The Importance of Life Insurance
Life insurance is a form of financial protection. It can help cover funeral expenses and provide a financial source of income for your family.
Often overlooked, life insurance is an important part of a comprehensive financial plan. Read on to learn why it’s so critical and how you can get started today.
It’s a form of savings
Life insurance is a type of financial product that pays a designated beneficiary a sum of money upon the death of the policyholder, depending on the terms of the contract. It is an important form of savings that provides peace of mind and financial security for family members.
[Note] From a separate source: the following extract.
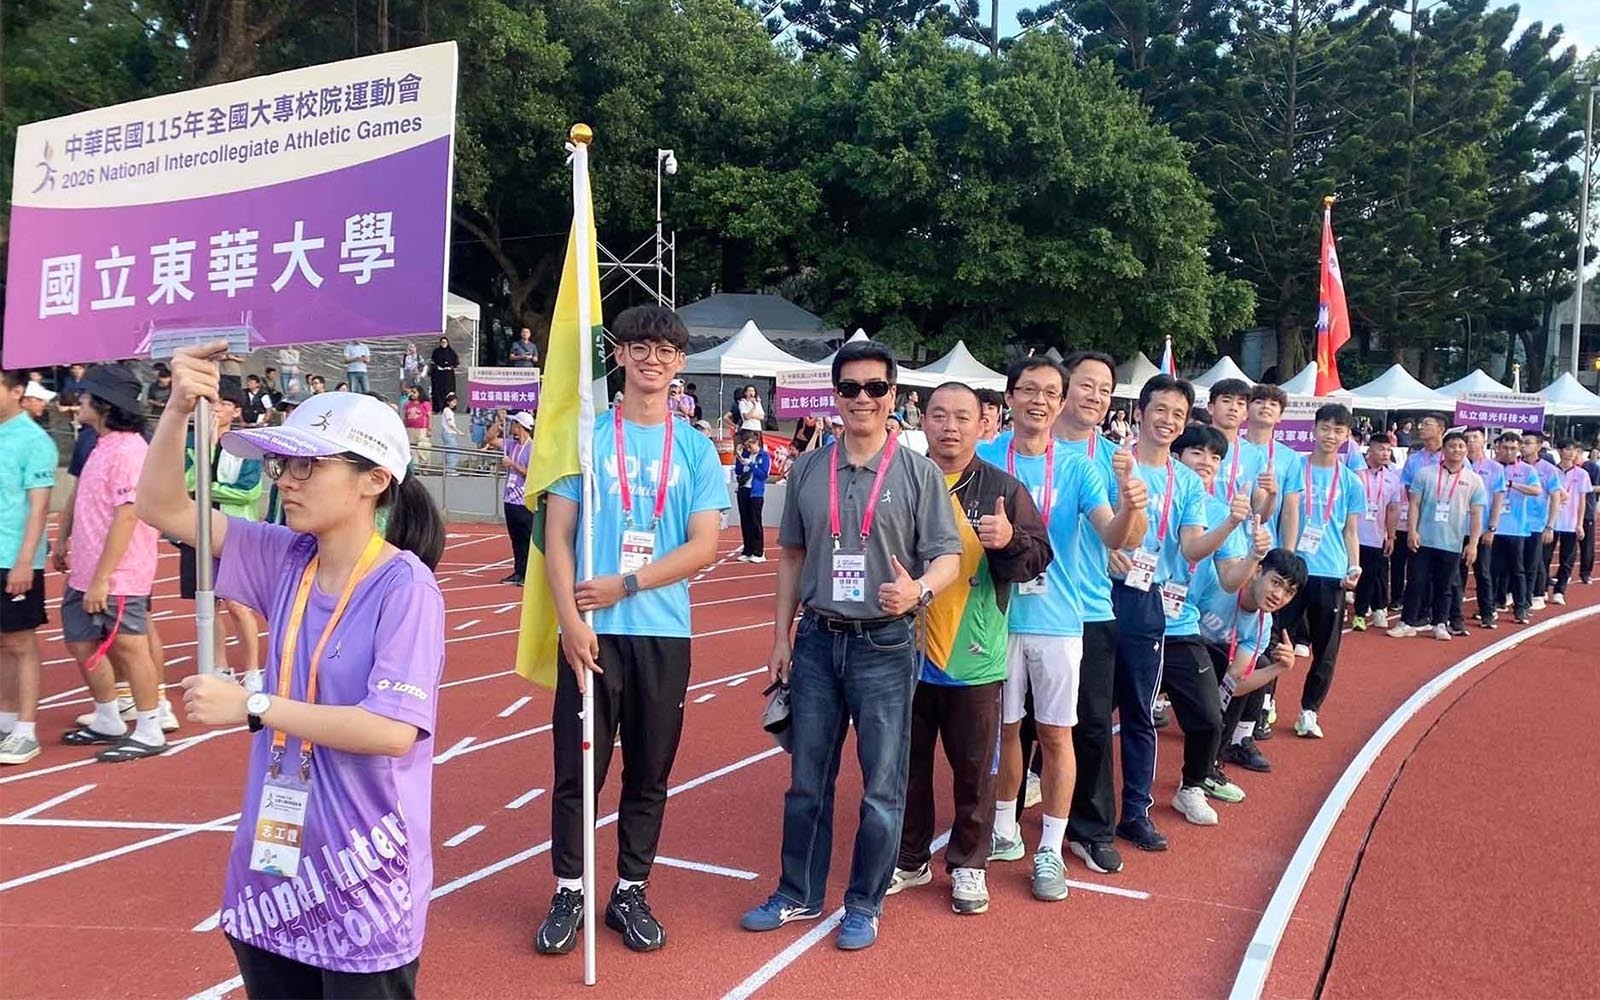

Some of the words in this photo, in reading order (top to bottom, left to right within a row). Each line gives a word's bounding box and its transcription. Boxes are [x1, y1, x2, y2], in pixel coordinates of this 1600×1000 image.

In order to determine how much life insurance is needed, it’s helpful to think about the people who depend on you financially. These may include your spouse, children or parents.
Once you know what expenses your loved ones would have, use our coverage calculator to estimate how much insurance you’ll need. We can also help you assess whether you’re eligible for a reduced premium, which can save you hundreds of dollars in the long run. You’ll also want to consider your contestability period, which is a two-year time frame during which the life insurance company has the right to challenge your application if they feel you have misrepresented yourself or were unfit during the application process.
It’s a form of protection
Life insurance is a type of policy that promises to pay out a lump sum in the event of death, or other events, such as critical illness or terminal illness. These events are defined in the contract and can be triggered by certain conditions.
A life insurance policy is usually purchased for a specific period of time and can be renewed as required. This can be in the form of a premium payment term, policy term or maturity benefit.
Some policies, like whole life and universal life, have a cash value component that grows tax-deferred. This can be a valuable asset-building tool because interest and dividends credited to the cash value are not subject to income taxes. In addition, some whole life and universal life policies allow the owner to borrow against the cash value of the policy, which reduces the amount that will be paid to beneficiaries in the event of death. This feature can be useful when planning for a child’s college education, as well as funeral expenses.
It’s a form of retirement planning
Whether you’re concerned about preserving your legacy or planning for the unexpected in retirement, life insurance can be an important part of your financial strategy. Many people forgo things they want to do in retirement because they are focused on making sure their families are taken care of in the event of a tragedy, or they feel unsure about how they’d be able to cover an unplanned expense with their savings.
Fortunately, permanent life insurance policies like whole life, universal life and variable life can provide a valuable resource for retirement planning. They can build cash value tax-deferred and offer access to this cash value through policy loans or withdrawals.
This cash value can be used to supplement your retirement income, but it’s important to note that the funds you use to borrow against your policy are not tax-free. The interest that you pay will affect the cash value of your policy, which may reduce your death benefit.
It’s a form of estate planning
Estate planning is an important part of every individual’s financial life. It allows you to control how your assets will be distributed and to minimize the amount of taxes you pay on them when you die.
It can also help you protect your family from potential long-term care and disability costs. It can also provide your heirs with funds to cover funeral and burial costs.
One of the first steps in creating an adequate estate plan is to make a thorough inventory of all your assets. This includes real estate, vehicles, stocks, artwork and other valuables.
Once you have an accurate list of assets, you need to understand how they are titled. Some property and assets may pass through probate while others do not.